» **Assignment**
Would you write out the entries again, exactly as they are, but without images?

» **Supplied material**
==============================

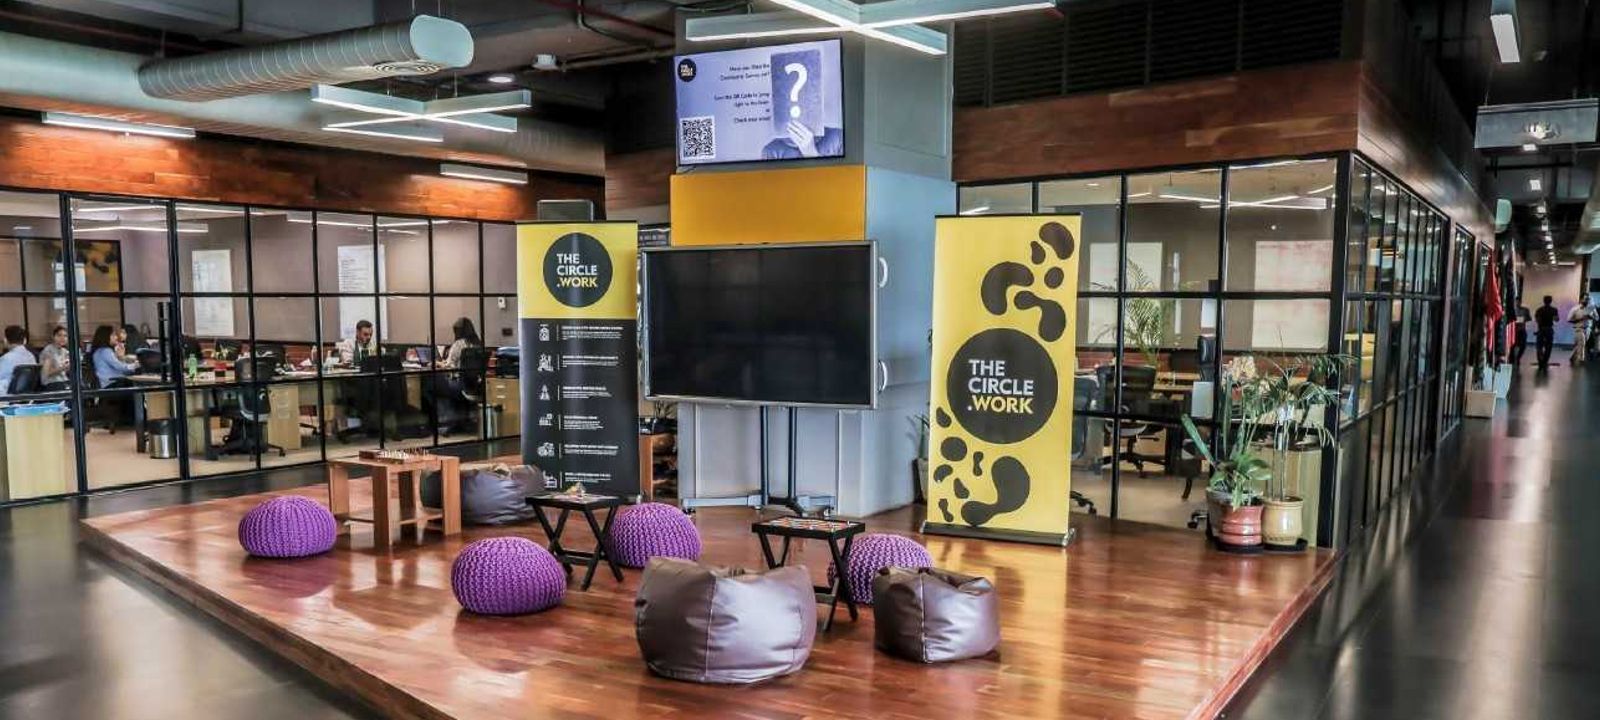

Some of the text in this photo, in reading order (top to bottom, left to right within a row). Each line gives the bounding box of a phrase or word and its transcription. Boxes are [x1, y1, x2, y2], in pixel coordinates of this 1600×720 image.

[556, 253, 580, 264] THE
[556, 265, 598, 276] CIRCLE
[556, 276, 598, 288] .WORK
[968, 359, 1006, 376] THE
[968, 377, 1034, 396] CIRCLE
[967, 394, 1034, 415] .WORK
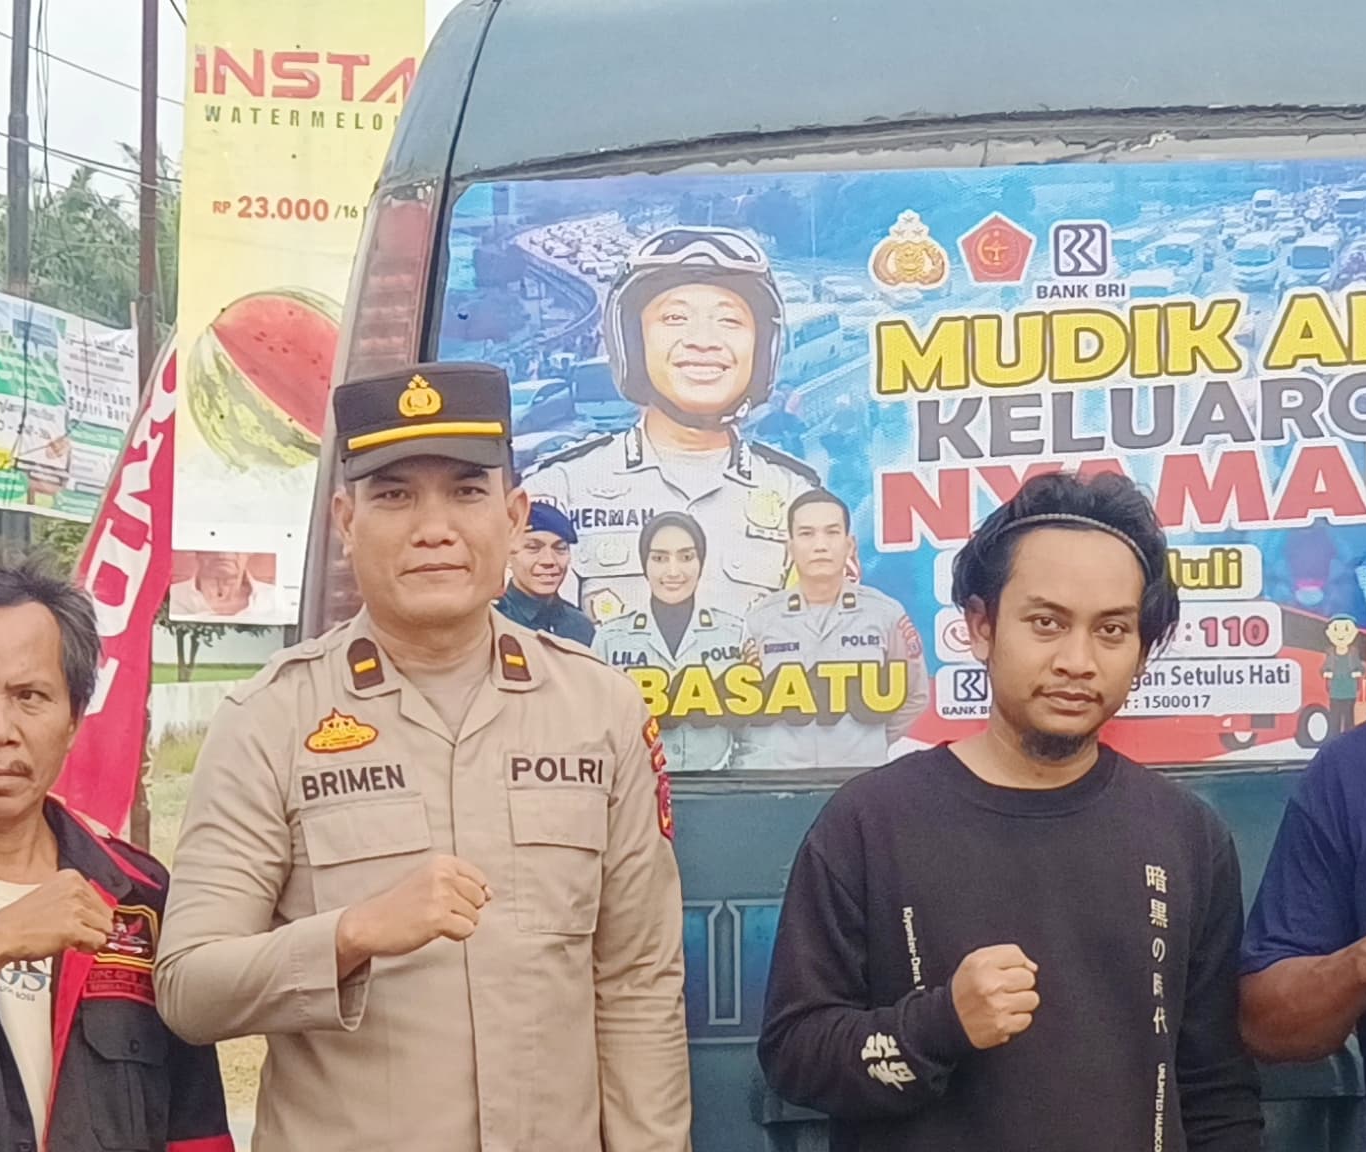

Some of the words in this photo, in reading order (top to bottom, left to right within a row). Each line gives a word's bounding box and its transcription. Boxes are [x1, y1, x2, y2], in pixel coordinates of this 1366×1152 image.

[205, 104, 398, 131] WATERMELO
[237, 195, 329, 222] 23.000
[1036, 283, 1089, 300] BANK
[1096, 282, 1126, 299] BRI
[876, 298, 1242, 394] MUDIK
[1199, 616, 1270, 649] 110
[612, 650, 648, 666] LILA
[1171, 663, 1245, 686] Setulus
[1249, 663, 1291, 685] Hati
[1144, 695, 1211, 709] 1500017
[301, 764, 406, 801] BRIMEN
[510, 756, 603, 785] POLRI
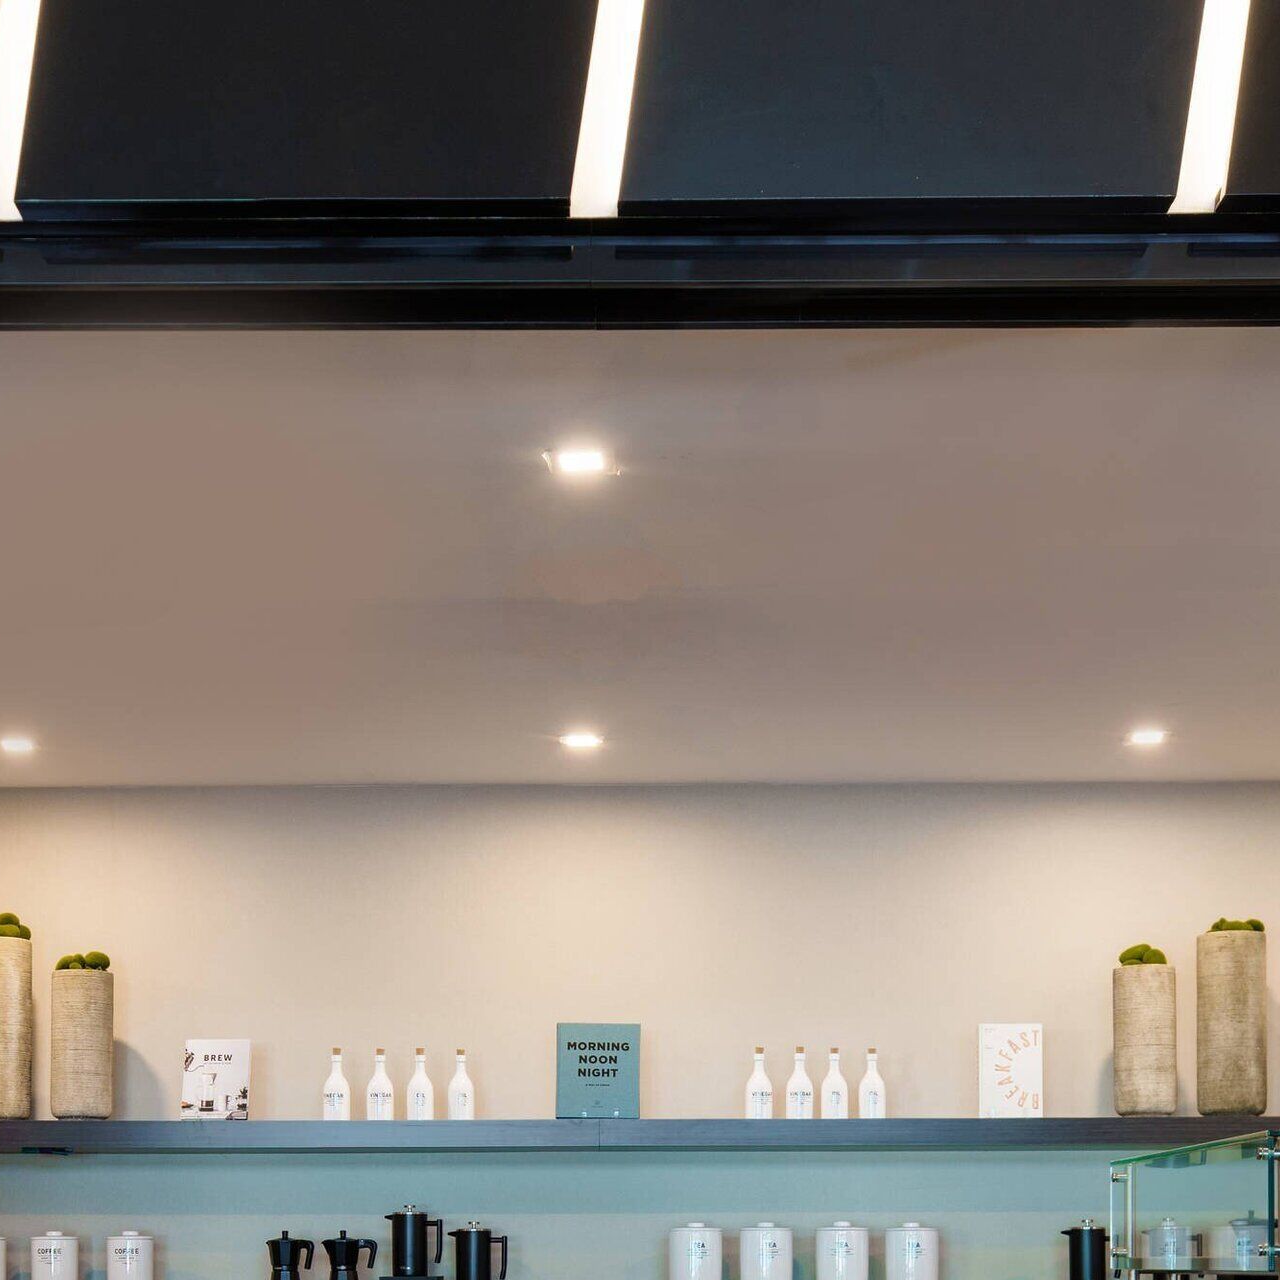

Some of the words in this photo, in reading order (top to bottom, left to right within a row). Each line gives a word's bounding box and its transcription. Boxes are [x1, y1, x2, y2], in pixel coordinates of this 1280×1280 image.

[567, 1042, 630, 1051] MORNING
[579, 1055, 618, 1064] NOON
[577, 1068, 619, 1077] NIGHT
[994, 1030, 1039, 1109] BREAKFAST

==============================

» **Response box**
Some of the text in this photo, in reading order (top to bottom, left to right within a row). Each line gives the bounding box of a phrase or word and its transcription. Boxes are [x1, y1, x2, y2], in pixel coordinates of this 1600×720 image.

[556, 253, 580, 264] THE
[556, 265, 598, 276] CIRCLE
[556, 276, 598, 288] .WORK
[968, 359, 1006, 376] THE
[968, 377, 1034, 396] CIRCLE
[967, 394, 1034, 415] .WORK

Some of the words in this photo, in reading order (top to bottom, left to right within a row). Each line gives a word's bounding box and its transcription. Boxes are [x1, y1, x2, y2], in pixel coordinates of this 1366×1152 image.

[205, 104, 398, 131] WATERMELO
[237, 195, 329, 222] 23.000
[1036, 283, 1089, 300] BANK
[1096, 282, 1126, 299] BRI
[876, 298, 1242, 394] MUDIK
[1199, 616, 1270, 649] 110
[612, 650, 648, 666] LILA
[1171, 663, 1245, 686] Setulus
[1249, 663, 1291, 685] Hati
[1144, 695, 1211, 709] 1500017
[301, 764, 406, 801] BRIMEN
[510, 756, 603, 785] POLRI

Some of the words in this photo, in reading order (top to bottom, left to right within a row). Each line gives a word's bounding box and its transcription. Boxes are [x1, y1, x2, y2], in pixel coordinates of this 1280×1280 image.

[567, 1042, 630, 1051] MORNING
[579, 1055, 618, 1064] NOON
[577, 1068, 619, 1077] NIGHT
[994, 1030, 1039, 1109] BREAKFAST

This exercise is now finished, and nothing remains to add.